In relation to prisoners, the committee has recommended that the Commonwealth Electoral Act be amended to reflect the High Court’s Roach decision that all persons serving a sentence of full-time imprisonment are ineligible to vote, reinstating the previous three-year disqualification that applied prior to 2006. The opposition members of the committee have suggested that the disqualification should be set at prisoners serving custodial sentences of one year or more, arguing that this would align the voting disqualification with the disqualification from being a member of parliament. However, a majority of the committee considers that the three-year threshold strikes a better balance.

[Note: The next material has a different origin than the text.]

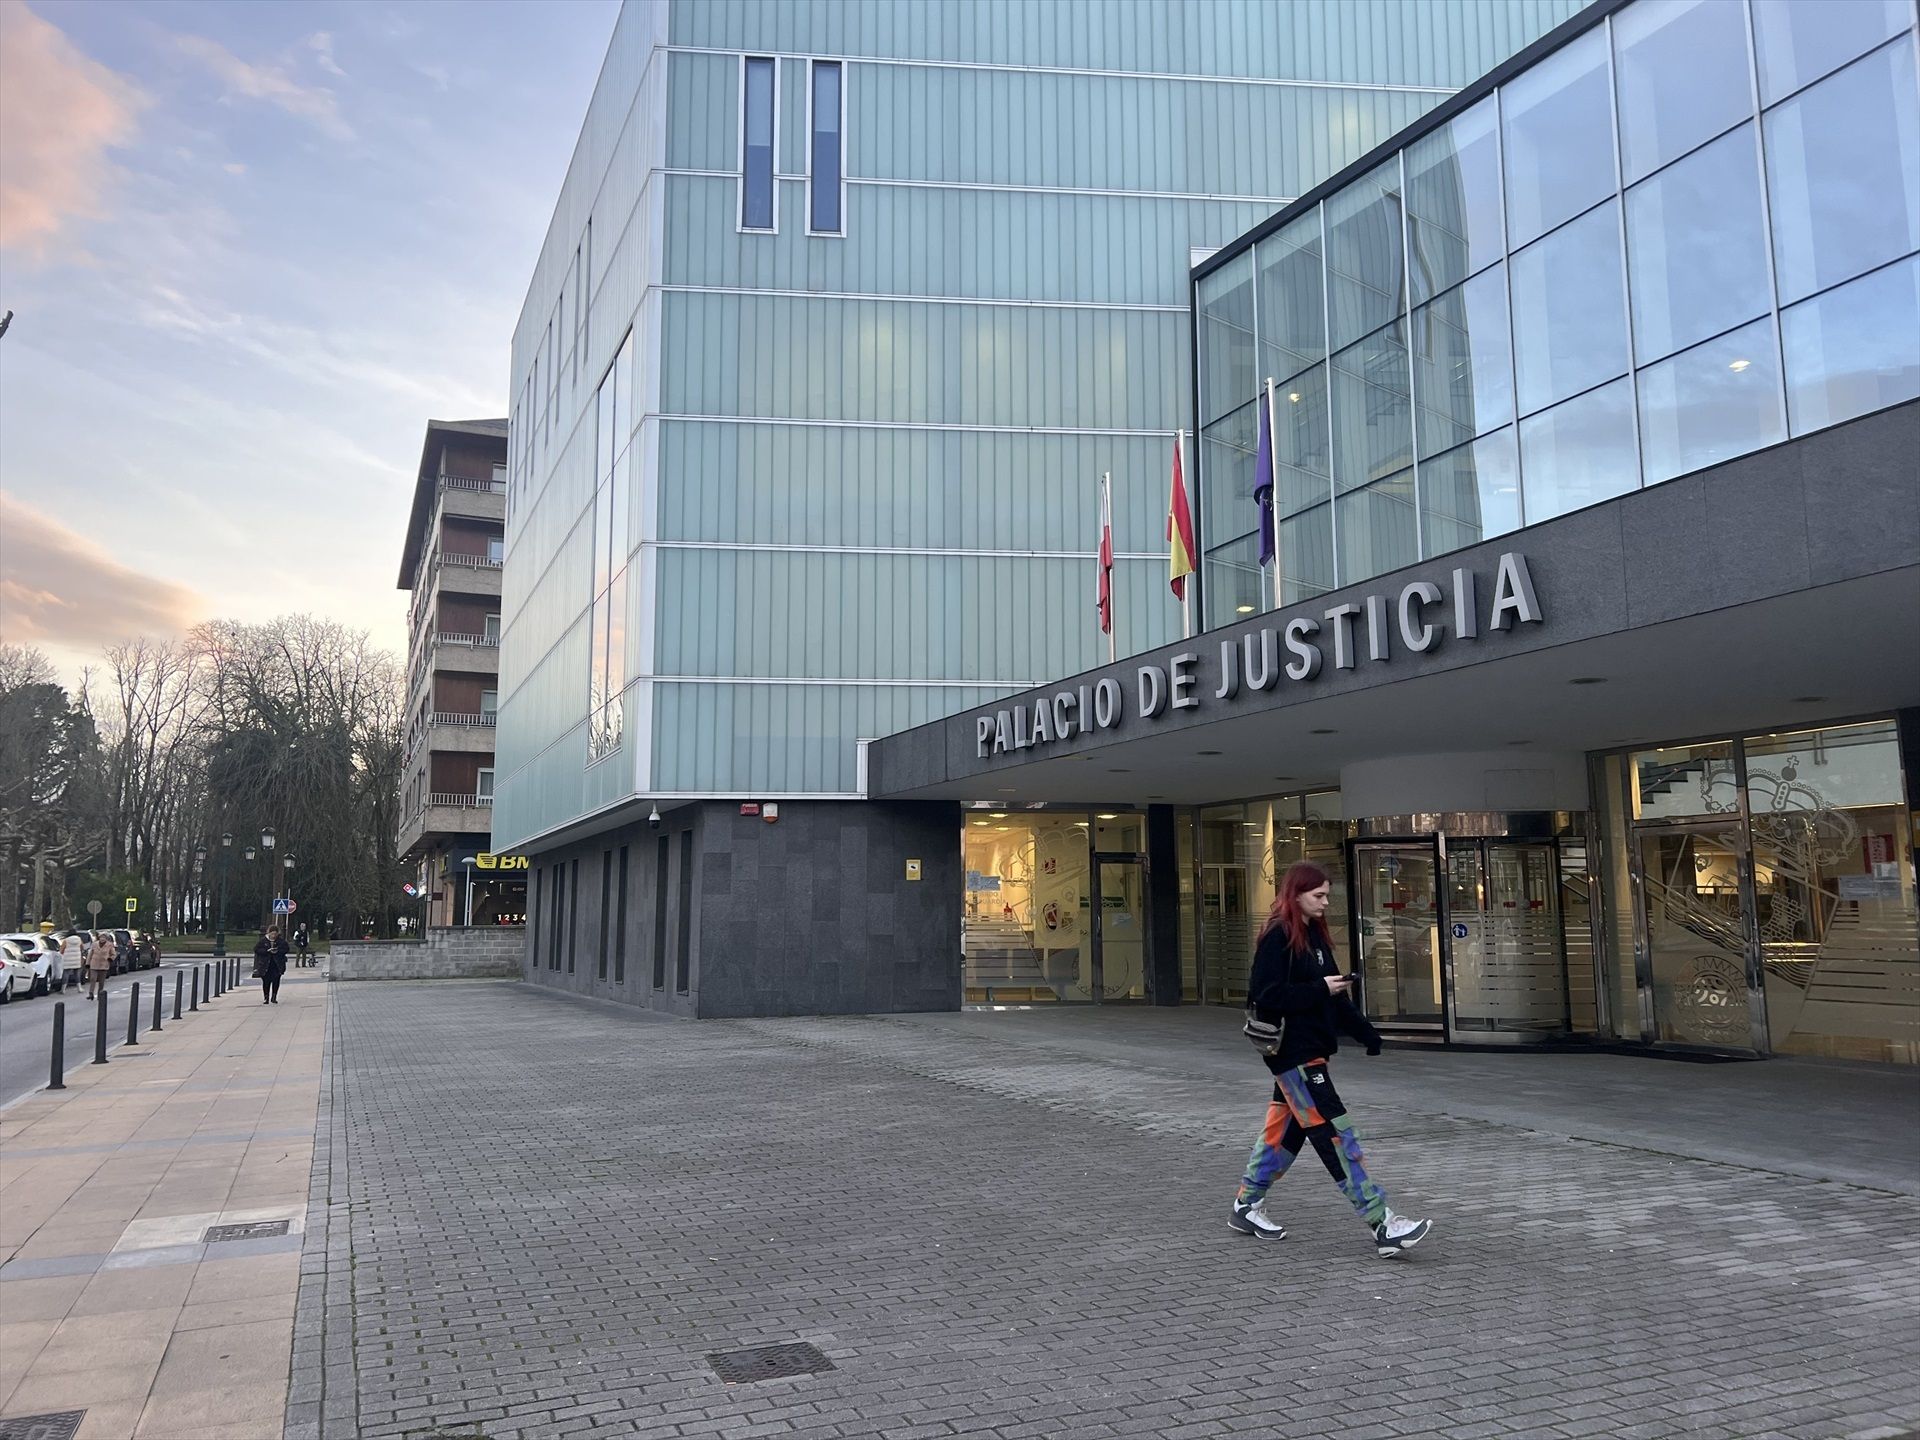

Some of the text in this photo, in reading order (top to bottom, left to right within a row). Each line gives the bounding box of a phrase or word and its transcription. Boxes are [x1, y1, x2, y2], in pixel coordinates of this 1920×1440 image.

[977, 552, 1542, 758] PALACIO DE JUSTICIA

A large number of submissions were received from Australian citizens living overseas who considered that they should be extended the franchise on the basis of their Australian citizenship alone. While such a franchise does exist in a number of countries such as Italy and New Zealand, the committee considers that citizenship should not be the sole qualification for the franchise. A 21-day rule regarding living at an address underpins representation in the 150-member House of Representatives, the basis for deciding which party or parties will form the government of the day. The committee has therefore endorsed the current arrangements relating to registration and updating enrolment, as they provide an appropriate and valid form of measuring a continued interest in Australian political affairs.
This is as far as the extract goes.